Toda aquela região permaneceu coberta por samambaias selvagens durante décadas. Lagartos escamados dominavam a mata e impediam o acesso à casa localizada em terreno plano no sobe e desce da serra. O som que ecoava dos morros denunciava as centenas de tucanos predadores, que sobrevoavam a área caçando ovadas e filhotes de outras espécies. Somente depois que a Sandra chegou de viagem do outro lado do mundo e assinou o trato com Srº Chico que o lugar passou a ser acessível. O acordo de boca está descrito em três cláusulas.

No primeiro mês de trabalho duro, retiraram parte das samambaias selvagens da estrada para desobstruir o caminho de terra e cercaram a passagem com troncos das próprias árvores abatidas pelas tempestades, impedindo a circulação dos lagartos. 

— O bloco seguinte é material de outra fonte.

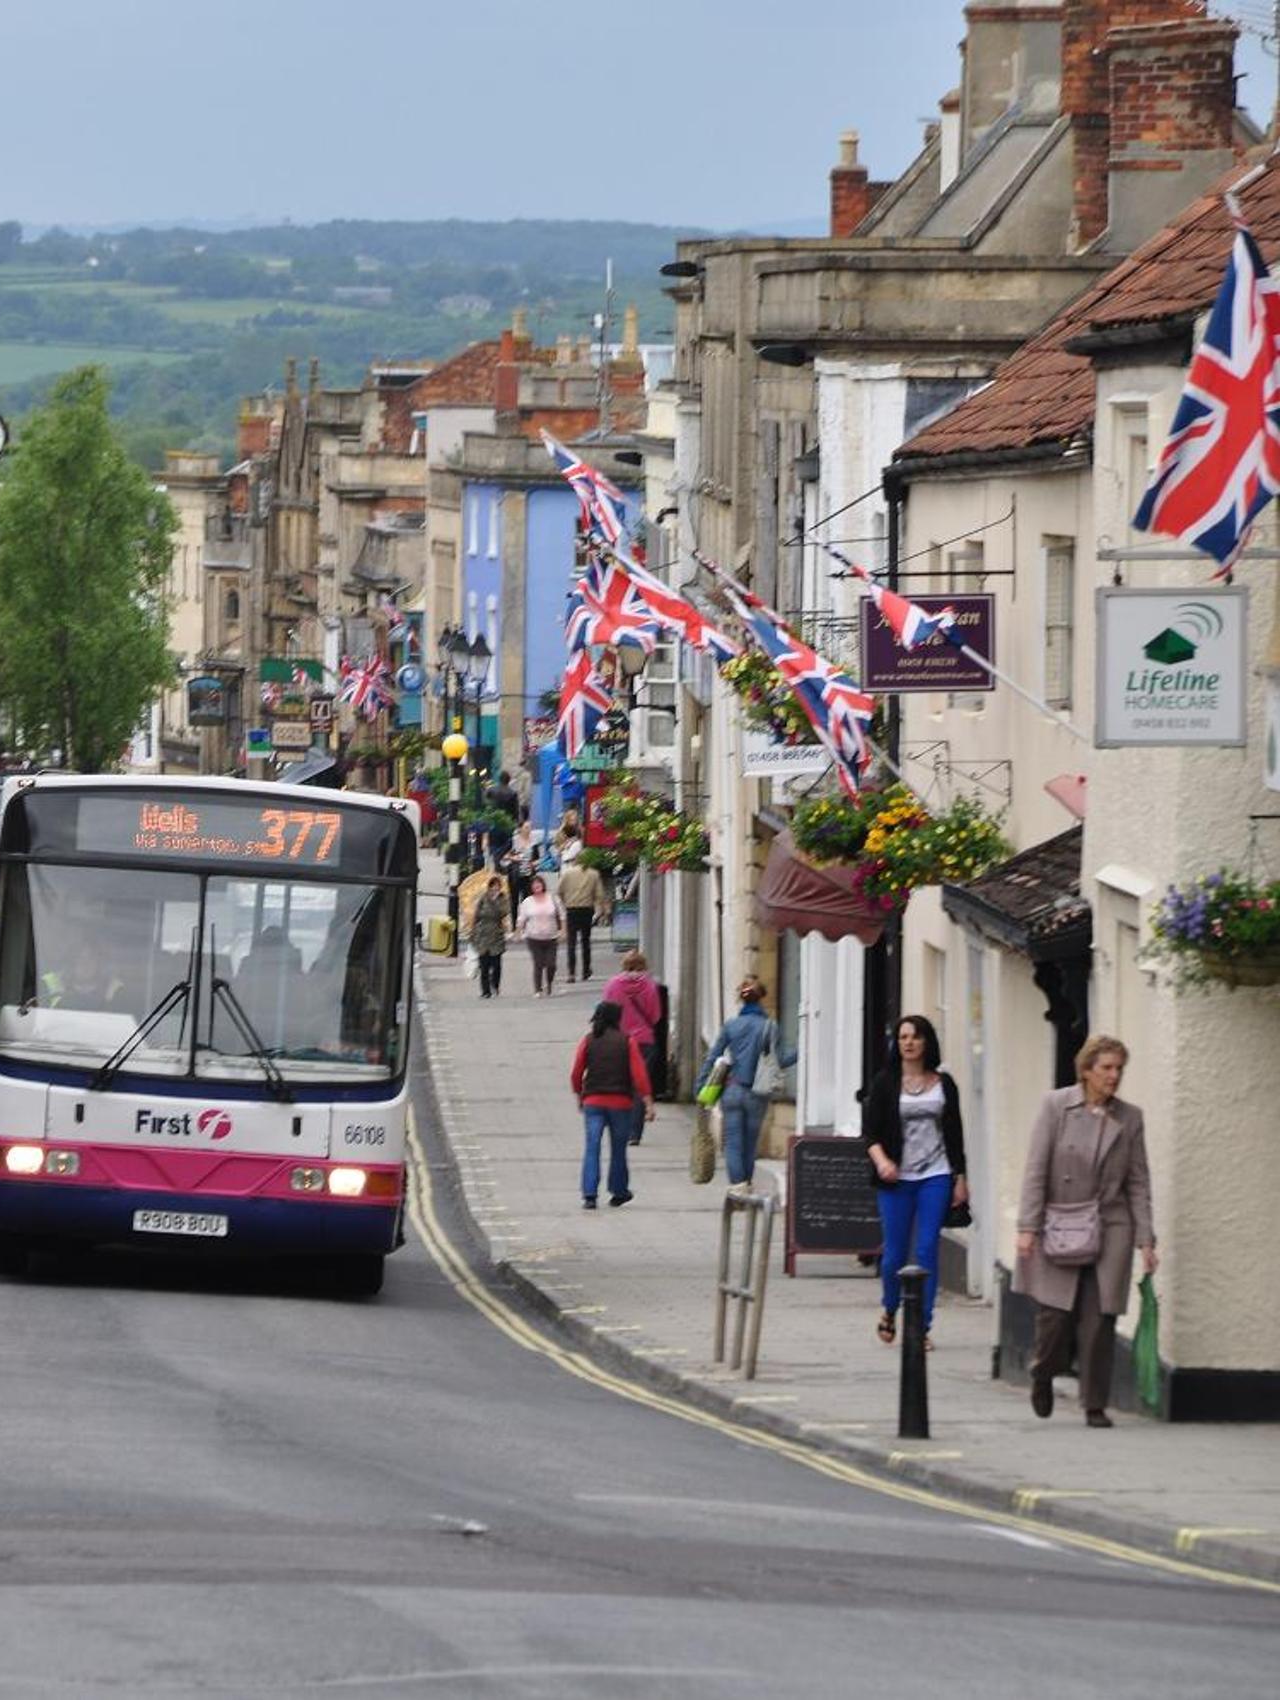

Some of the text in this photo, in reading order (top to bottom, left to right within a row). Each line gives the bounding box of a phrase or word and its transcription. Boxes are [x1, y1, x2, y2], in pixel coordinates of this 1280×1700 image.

[1126, 669, 1220, 695] Lifeline
[1124, 695, 1219, 711] HOMECARE
[140, 803, 199, 834] Wells
[261, 807, 343, 863] 377
[136, 1109, 191, 1136] First
[344, 1125, 385, 1146] 66108

No segundo mês de trabalho destemido, expulsaram as serpentes e mataram os ratos. Segundo os moradores mais chegados à dona do sítio, eram tantas, grandes e tão gordas as ratazanas que suas carcaças foram fincadas e acumuladas em um grande mastro de bandeira no centro do terreiro, objeto que restou das histórias dos coronéis do interior.

No terceiro e último mês de trabalho desassombrado, para então solidificar o audacioso trato, todos se reuniram para a limpeza da casa. 

Sandra concordou em também trazer para o sítio o filho do Srº Chico, Júnior, e sua nora, Meire. Foi a Meire quem abriu a porta da casa no dia da faxina e viu enrolada entre a fresta do piso de madeira e o pé da cama do século XIX uma enorme cascavel. Ao ouvir o choro, Srº Chico entrou na sala correndo, segurando crucifixo e facão, e degolou o bicho sem ressentimento. 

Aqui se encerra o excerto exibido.